Task description — Reproduce the line that holds "Some of the words" together with all the lines after it up to the end of the entries.

*** Begin section ***

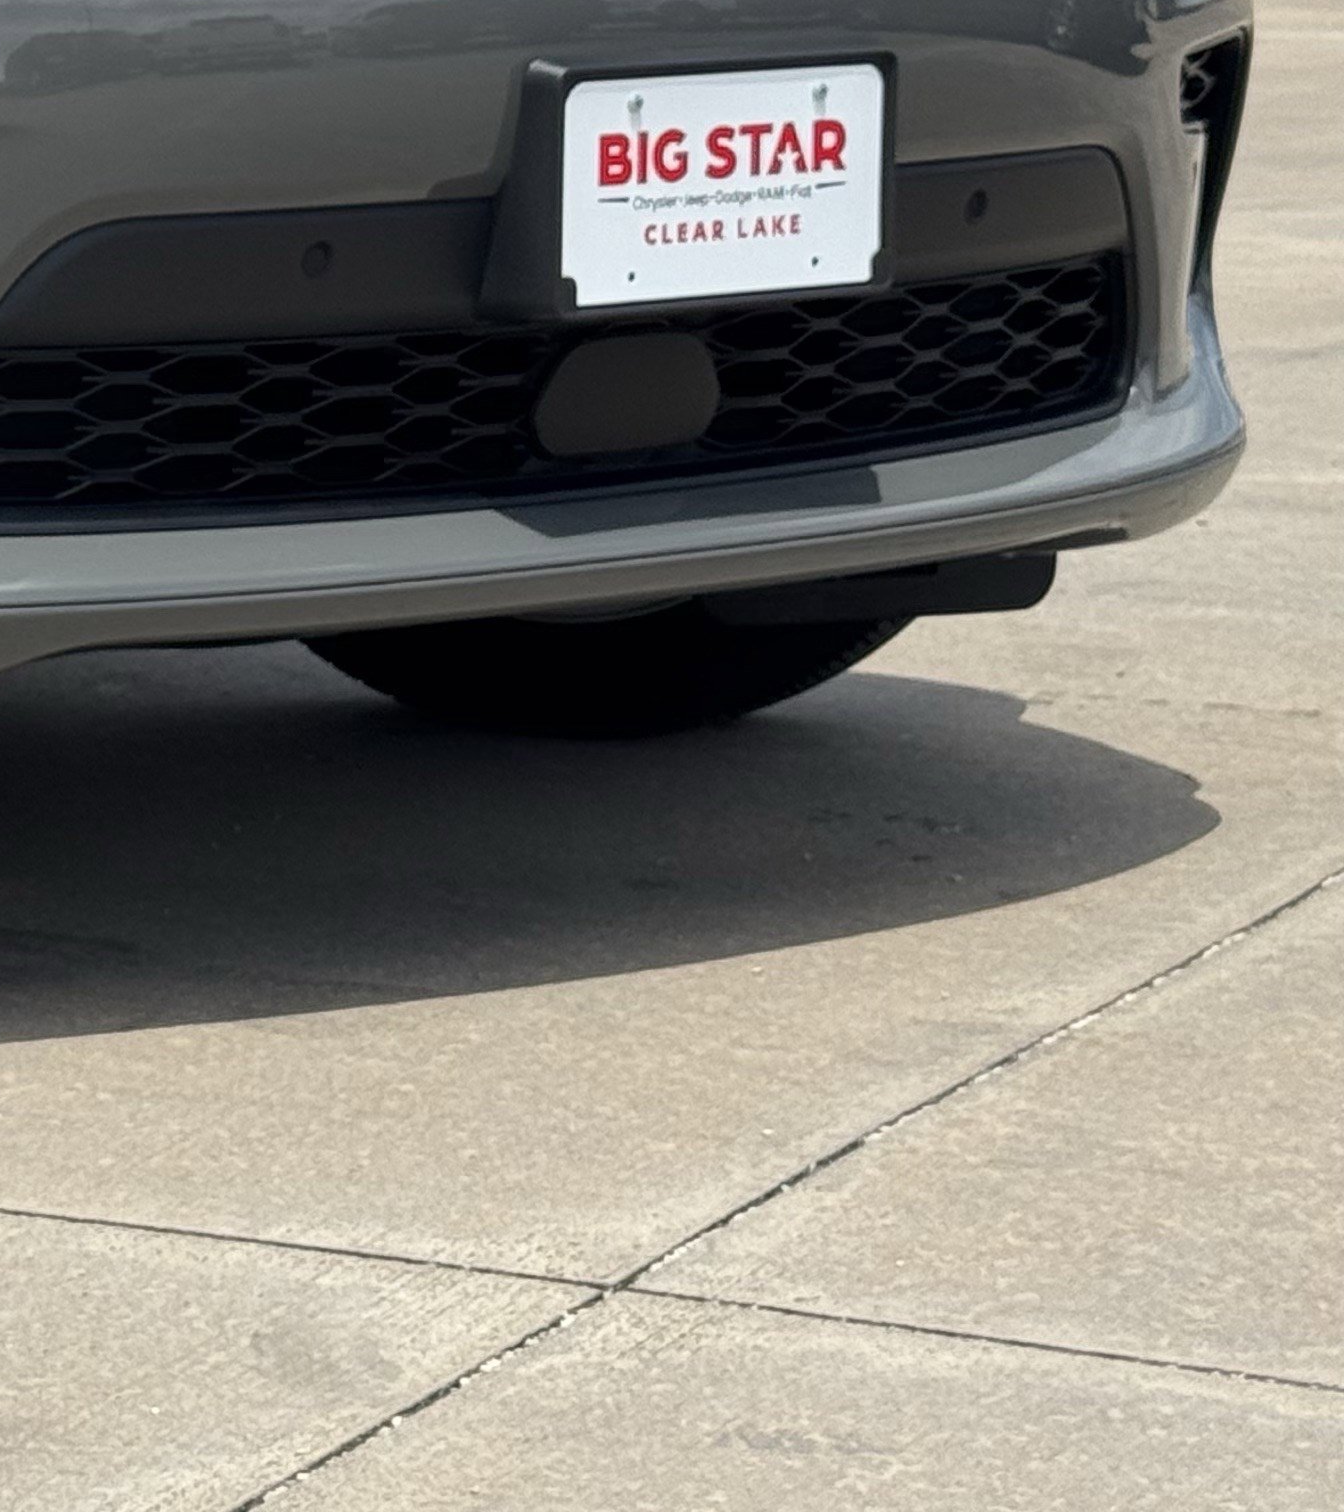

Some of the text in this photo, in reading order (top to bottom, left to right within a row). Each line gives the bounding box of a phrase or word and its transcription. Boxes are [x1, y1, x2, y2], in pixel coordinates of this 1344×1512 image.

[597, 119, 848, 187] BIG STAR
[643, 213, 803, 246] CLEAR LAKE
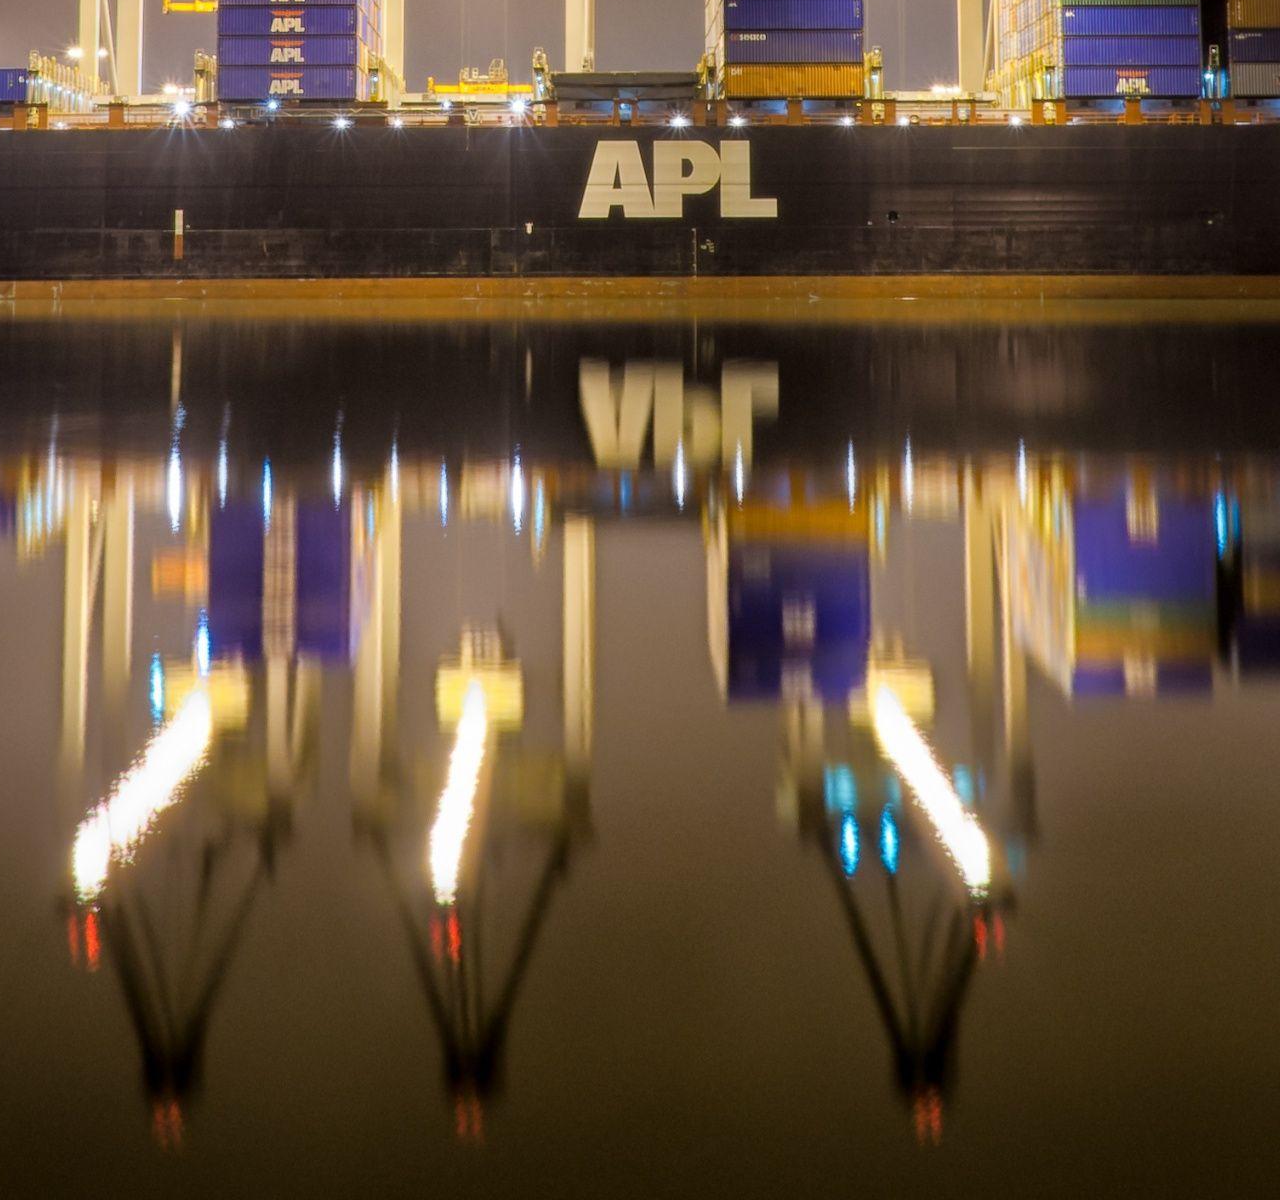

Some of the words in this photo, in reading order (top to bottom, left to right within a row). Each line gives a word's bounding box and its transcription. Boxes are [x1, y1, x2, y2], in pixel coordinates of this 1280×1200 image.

[271, 18, 305, 32] APL
[271, 48, 304, 62] APL
[269, 79, 304, 94] APL
[578, 140, 777, 218] APL

*** End section ***

Exercise response —
Some of the words in this photo, in reading order (top to bottom, left to right within a row). Each line gives a word's bounding box and its transcription. Boxes are [x1, y1, x2, y2], in pixel coordinates of this 1280×1200 image.

[271, 18, 305, 32] APL
[271, 48, 304, 62] APL
[269, 79, 304, 94] APL
[578, 140, 777, 218] APL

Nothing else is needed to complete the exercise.